- Born: February 13, 1962 (age 64)
- Citizenship: American
- Education: University of Iowa
- Writing career
- Genres: Nonfiction and fiction

= Dawn Atkins (anthropologist) =

Anthropologist

Dawn Atkins (born February 13, 1962) is an American writer of nonfiction and fiction, as well as an activist and educator.

== Professional biography ==
Atkins founded Shadows Of..., a science fiction and fantasy magazine which ran from 1979 to 1982. Atkins worked part-time at The Moore Monitor (1980–1981). Work in all these areas earned Atkins a journalism scholarship to the University of Oklahoma. After starting OU, she also worked for The Norman Transcript (1981–1982).

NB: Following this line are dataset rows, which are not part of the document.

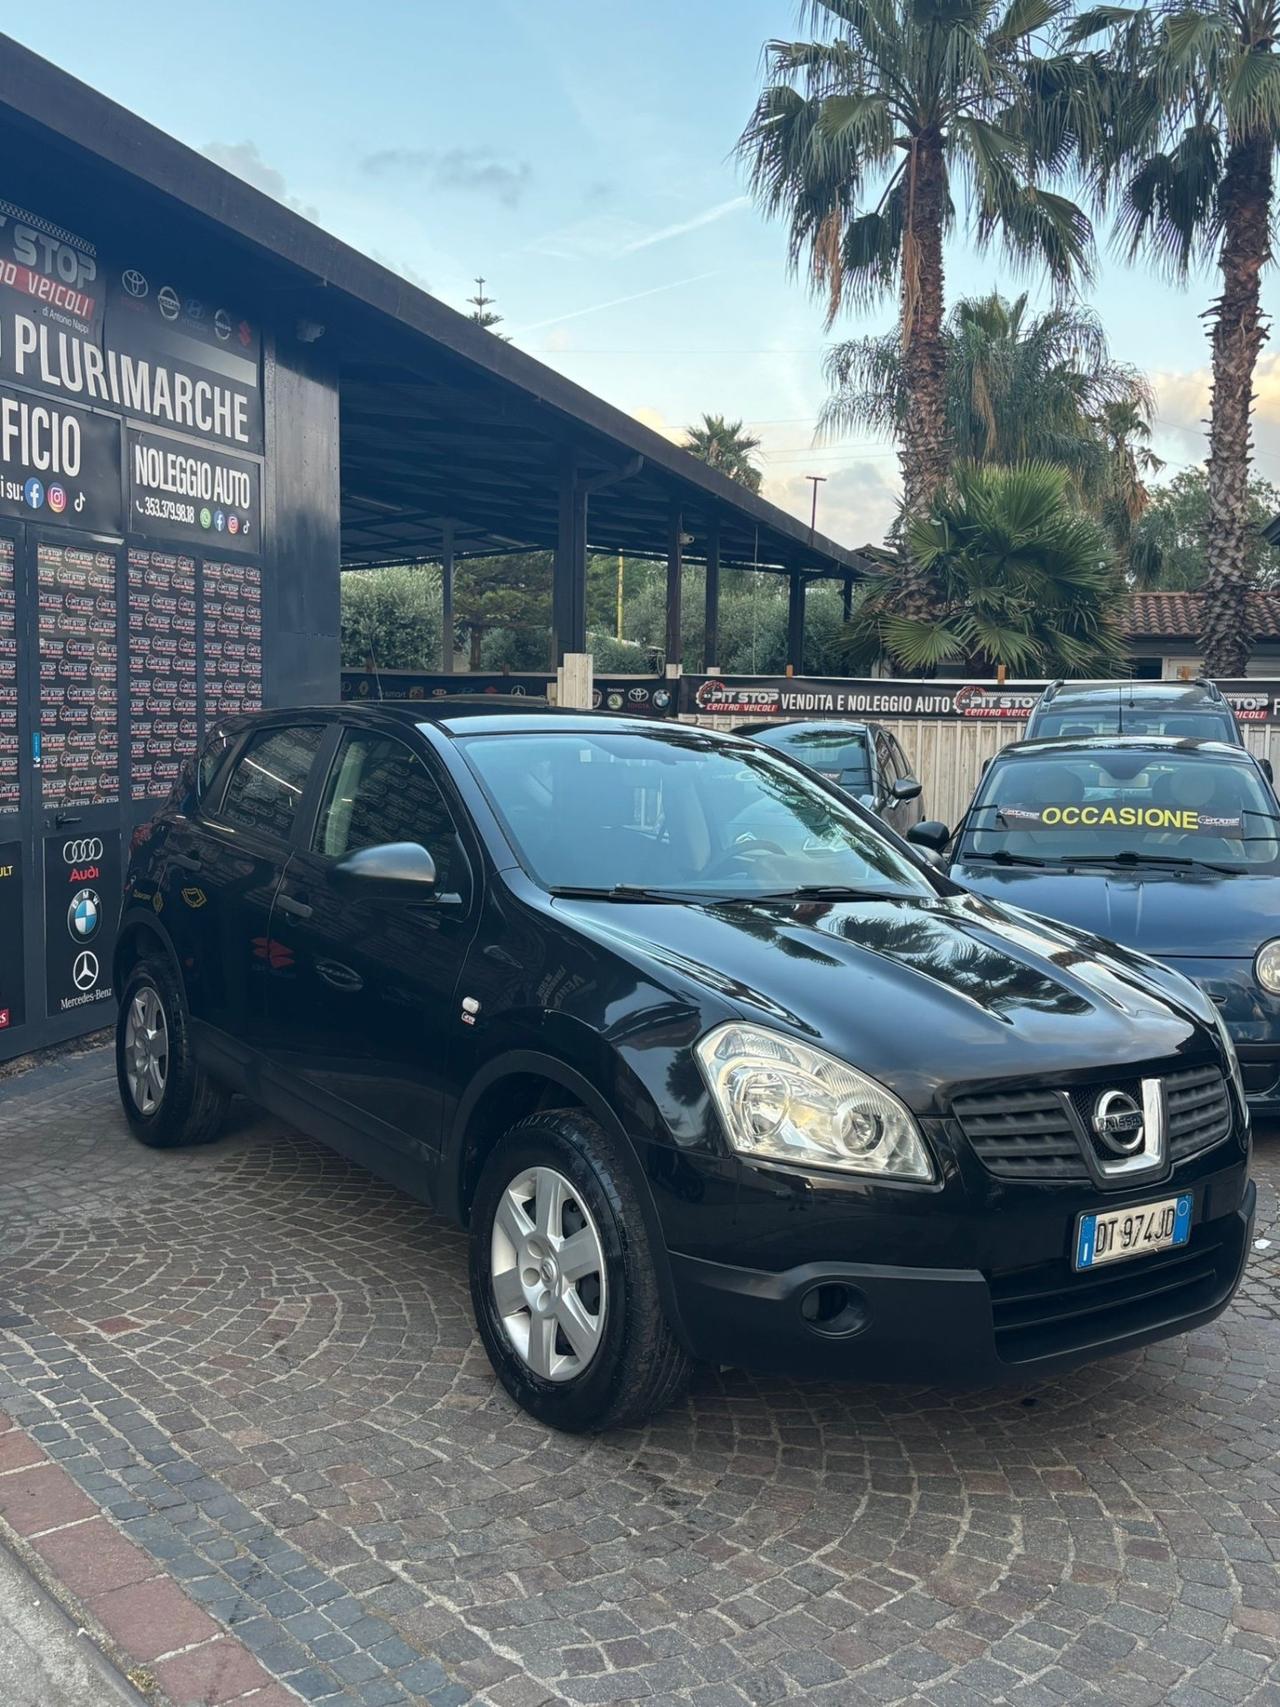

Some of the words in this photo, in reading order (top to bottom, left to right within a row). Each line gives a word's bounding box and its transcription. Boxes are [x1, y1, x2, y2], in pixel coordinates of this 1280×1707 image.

[13, 224, 96, 289] STOP
[15, 314, 249, 443] PLURIMARCHE
[136, 444, 212, 500] NOLEGGIO
[214, 466, 250, 509] AUTO
[711, 692, 736, 703] PIT
[738, 692, 780, 704] STOP
[782, 694, 834, 711] VENDITA
[836, 695, 844, 712] E
[848, 696, 911, 712] NOLEGGIO
[915, 696, 950, 713] AUTO
[970, 696, 998, 708] PIT
[1042, 806, 1200, 830] OCCASIONE
[70, 866, 99, 882] Audi
[72, 891, 99, 910] BMW
[60, 988, 112, 1010] Mercedes-Benz
[1096, 1216, 1118, 1254] DT

In 1984, Atkins left school to accept a full-time position as Managing Editor at Locus Magazine (The Magazine Of The Science Fiction & Fantasy Field). While there, Atkins redesigned the magazine and earned a Hugo Award (1985). Atkins left Locus and returned to college in 1986, completing Bachelor of Arts (double major) in Professional Writing and Anthropology from the University of California, Santa Cruz (1989), while also working part-time as both a writing instructor at UCSC and a journalist with several local publications, including popular weekly newspaper, The Sun.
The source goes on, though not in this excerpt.